As Hollywood, Bollywood and international big-budget productions eye Queensland as a COVID-contained safe haven to revive the global film industry, the state is also expected to become the new home for a number of “high-end” original series for the small screen.
Screen Queensland CEO Kylie Munnich said major television series were among productions likely to be heading soon to Queensland.
“We’re certainly working to attract productions from streaming services to our state and now there are more streaming services than ever, which means hopefully that there is more opportunity,” Munnich told InQueensland.
She said the Gold Coast and Queensland stood to benefit from the pent-up demand for new shows that could result in Queensland’s sound stages being filled to capacity.
“Screen production needs to happen because every broadcaster and every streaming service in the world needs new content, so if we can take advantage of that by having a safe destination for production to take place, then it’s a win for us,” Munnich said.

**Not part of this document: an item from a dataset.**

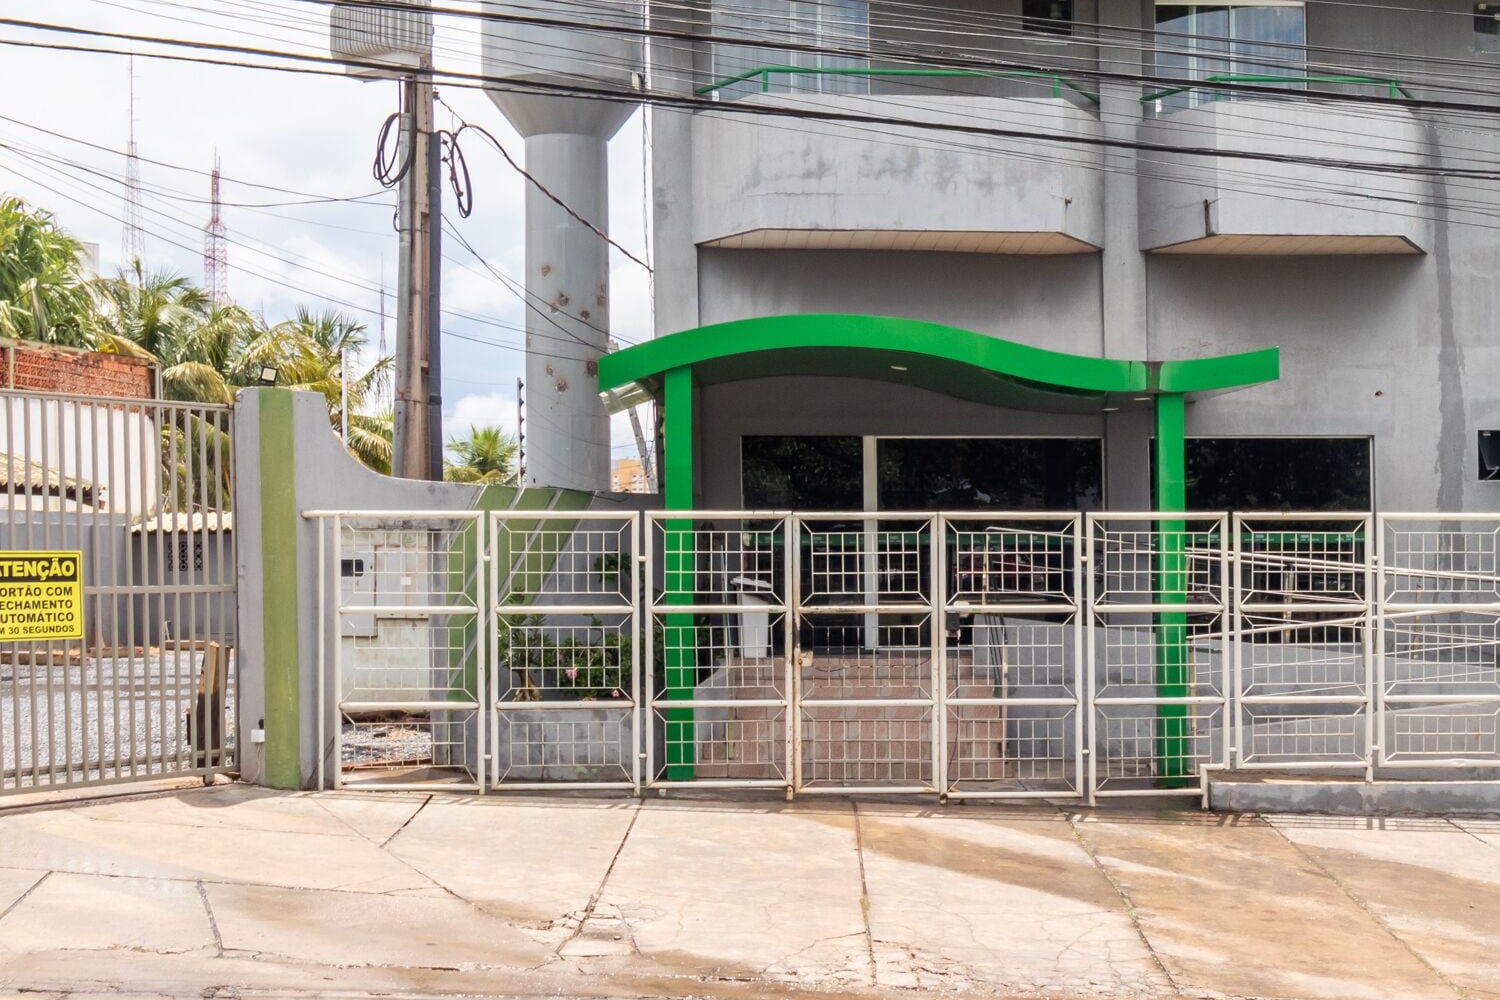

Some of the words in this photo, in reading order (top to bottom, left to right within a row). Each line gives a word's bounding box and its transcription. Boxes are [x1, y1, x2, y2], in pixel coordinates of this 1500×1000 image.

“I think the timing is great for us in terms of taking advantage of the need for studio space, of the need for a safe destination for production, and of our reputation globally in the screen industry,” she said.
But as well as rolling out the welcome mat, Screen Queensland will use its muscle as industry leader of one of the world’s most sought-after production destinations to push for quotas for Australian content on all media platforms, including streaming services such as Netflix, Stan, Amazon Prime and Disney+.
Munnich said the $400 million that was recently announced by the Federal Government to attract big-budget international productions to Australia was “one prong that is needed in a really healthy and well-regulated industry.”
The volume of Australian stories to be screened on all media needed to be bolstered as well as incentives for foreign filmmakers to make films in Australia, she said.
“We stand in support of quotas for our local industry. We think the cultural and economic arguments are absolutely sound as for why Australian stories should be on Australian screens and on international screens.
“We are very proud of Queensland storytellers and Australian storytellers and we believe there is an export market for our content as well. We want to see that content taken to the world.”
Munnich said that meant extending requirements for more Australian content on Australian screens, and not just for local broadcasters.
“We want to see quotas for documentary, drama and kids content onto streamers as well, not just the local commercial broadcasters,” she said.
Munnich said the influx of international productions to Queensland would be a shot of adrenaline for the local industry and “bounty of talent here” that could translate to more high-end local productions.
“I think it’s all part of the same ecosystem. International productions coming in bring huge amounts of investment, create job opportunities and create upskilling opportunities, and that has a flow on to the national or domestic market as well.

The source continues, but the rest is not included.